Kidney Disease Patients with Pulmonary Hypertension Face Poorer Outcomes, Study Finds

Janet Stewart, MSc avatar

by Janet Stewart, MSc |

Share this article:

Share article via email
poor renal function

Many people with chronic kidney disease also have pulmonary hypertension, a condition that increases their risk of heart problems and death, a review of 16 studies found.

Doctors refer to health problems that can damage the heart muscle as cardiovascular events. They include a heart attack, an irregular heartbeat, or a blood clot in the heart or lungs.

Researchers reported on their review in the American Journal of Kidney Disease. The article was titled “Pulmonary Hypertension, Mortality, and Cardiovascular Disease in CKD and ESRD Patients: A Systematic Review
and Meta-analysis.

The 16 studies that the review covered involved 7,112 people with chronic kidney disease or end-stage renal disease. An end-stage disease means a patient needs dialysis or a kidney transplant.

Researchers’ major goal was to look for links between pulmonary hypertension and chronic kidney disease.

They discovered that 23 percent of the patients had pulmonary hypertension.

The risk of death from any cause was 1.44 times higher in chronic kidney disease patients who also had pulmonary hypertension than in patients with kidney disease only, they found. The risk was 2.32 times higher in end-stage renal disease patients on dialysis who had pulmonary hypertension. And it was 2.08 times higher in end-stage renal disease patients with a functioning kidney transplant.

Another finding was that chronic kidney patients’ risk of a cardiovascular event was 1.67 times higher if they had pulmonary hypertension. It was 2.33 times higher if they had an end-stage renal disease and were on dialysis.

In addition, the risk of death from a cardiovascular event was 2.20 times higher in patients with chronic kidney disease or end-stage renal disease and pulmonary hypertension.

The team concluded that patients with decreased kidney function and pulmonary hypertension faced poorer outcomes.

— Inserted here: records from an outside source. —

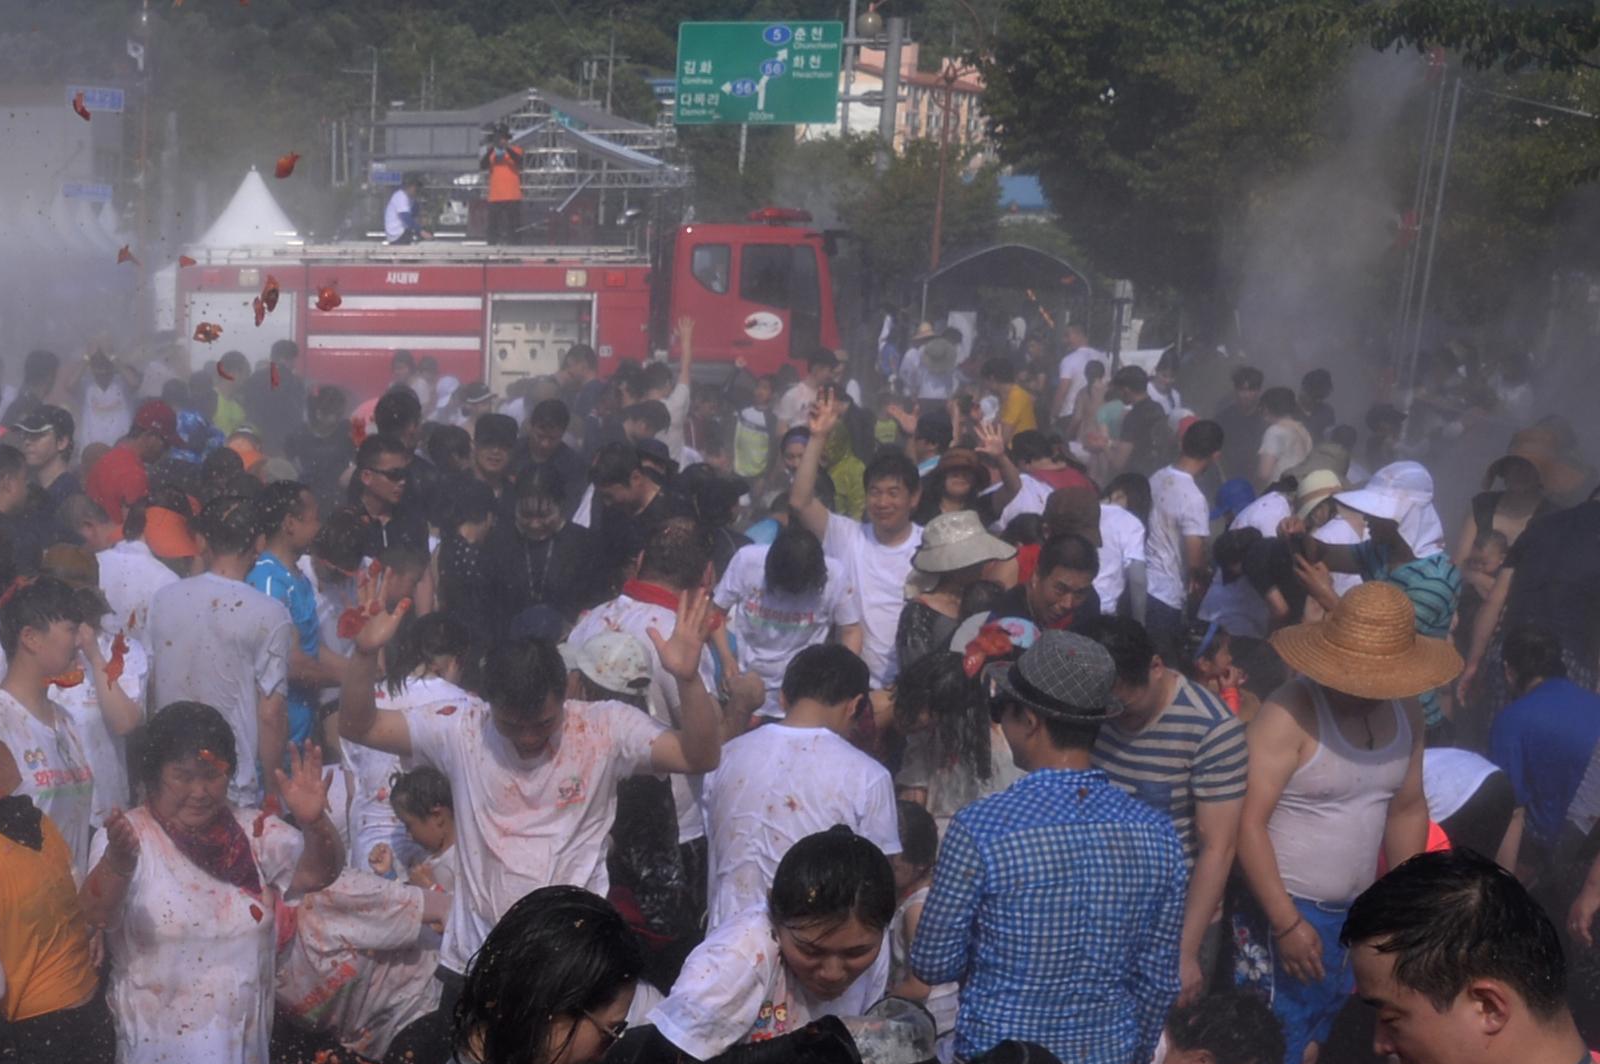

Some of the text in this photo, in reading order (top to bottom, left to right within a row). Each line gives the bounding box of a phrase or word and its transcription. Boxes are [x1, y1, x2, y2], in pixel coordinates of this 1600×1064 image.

[773, 30, 782, 41] 5
[683, 60, 713, 75] 김화
[792, 55, 822, 69] 화천
[736, 81, 753, 95] 56
[680, 93, 720, 107] 다목리
[748, 112, 775, 121] 200m

They called for studies on whether pulmonary hypertension treatments can affect these patients’ death rates.

The fact that “pulmonary hypertension is robustly associated with adverse outcomes in patients” with chronic kidney disease and end-stage renal disease “implies that improved diagnosis and management of pulmonary hypertension may lead to improved outcomes among such patients,” the researchers wrote.

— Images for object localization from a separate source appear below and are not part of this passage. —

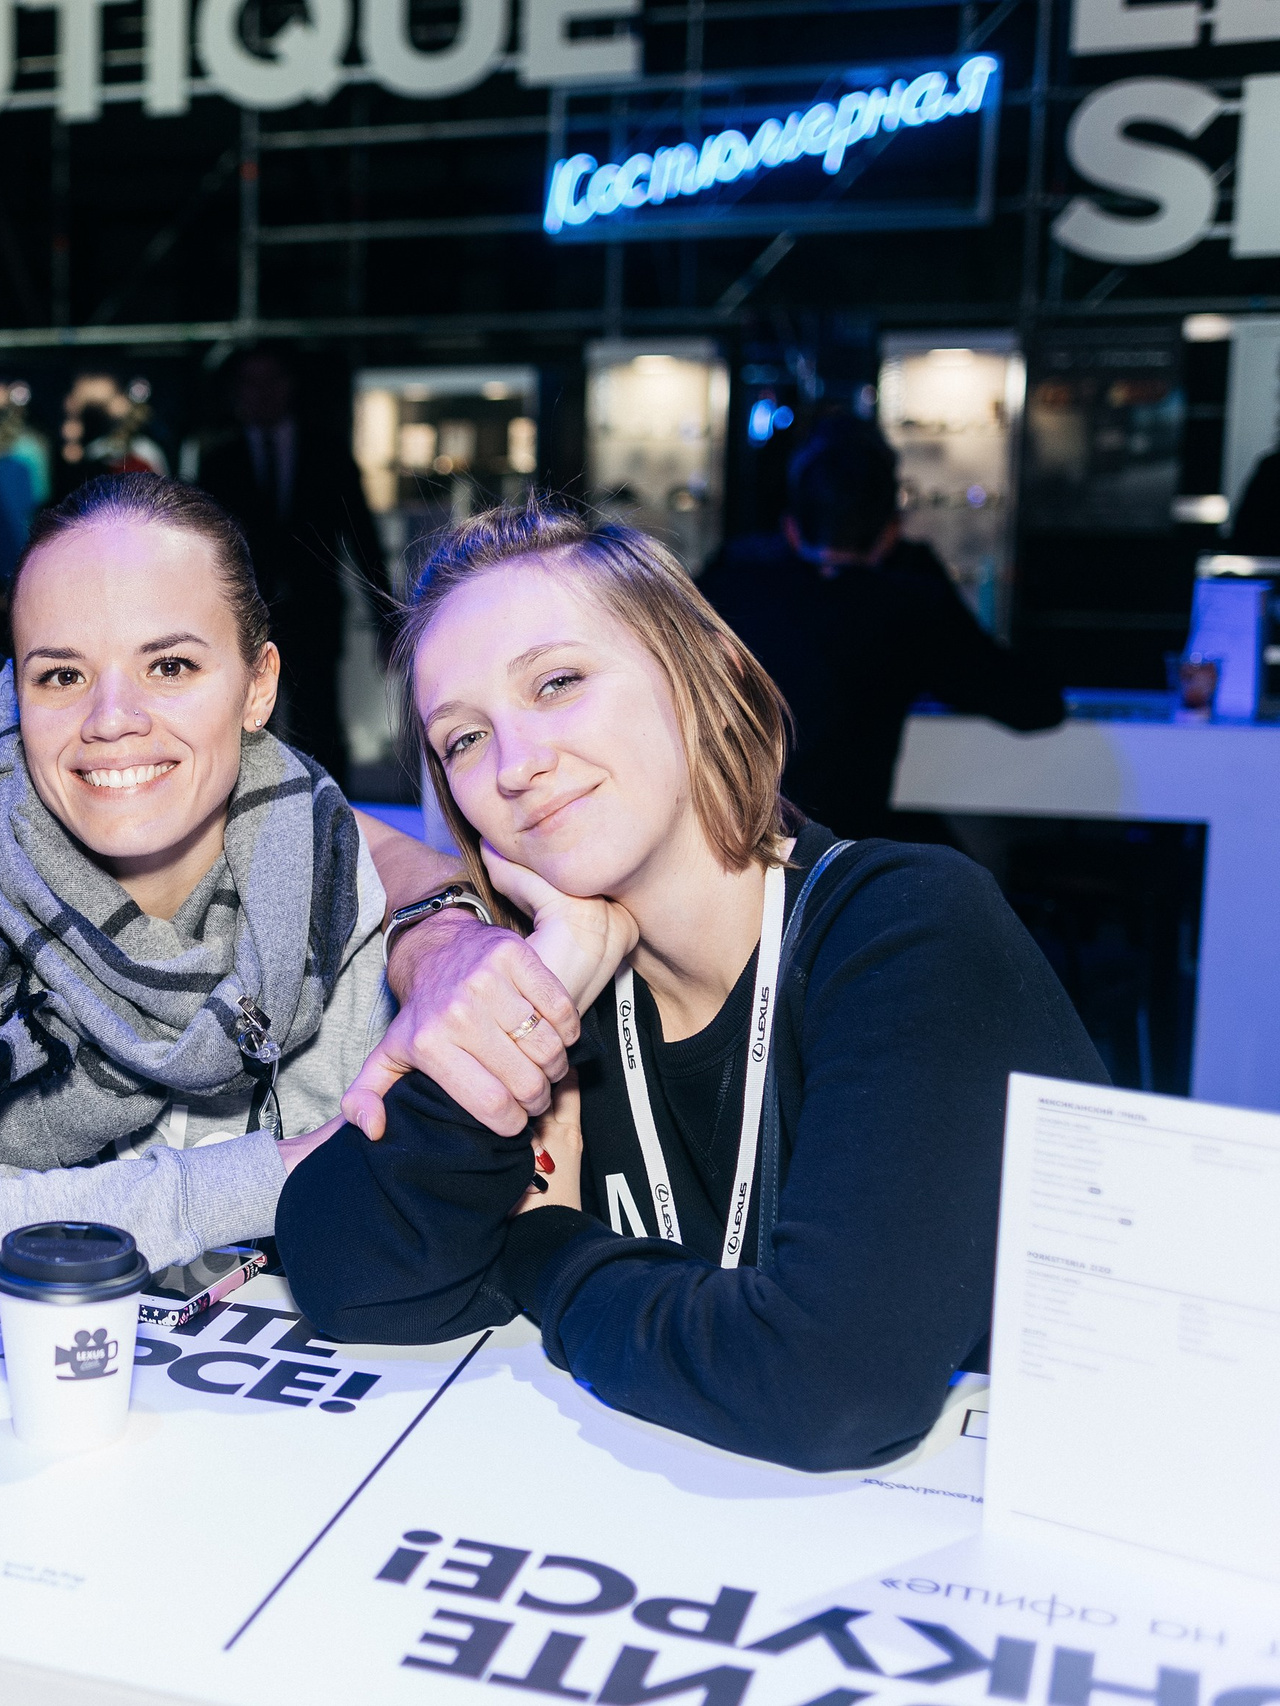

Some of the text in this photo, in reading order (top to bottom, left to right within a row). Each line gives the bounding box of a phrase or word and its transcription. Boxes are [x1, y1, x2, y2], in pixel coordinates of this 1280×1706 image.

[543, 56, 998, 234] Костюмерная
[757, 986, 770, 1042] LEXUS
[622, 1018, 636, 1070] LEXUS
[732, 1182, 747, 1237] LEXUS
[76, 1347, 106, 1362] LEXUS

“Pulmonary hypertension is consistently associated with adverse outcomes, including all-cause mortality and cardiovascular events, in patients with advanced kidney disease,” they wrote. “Ultimately, randomized studies are needed to determine whether pulmonary hypertension treatments in patients with decreased kidney function can improve the excess mortality burden associated with the coexistence of these conditions.”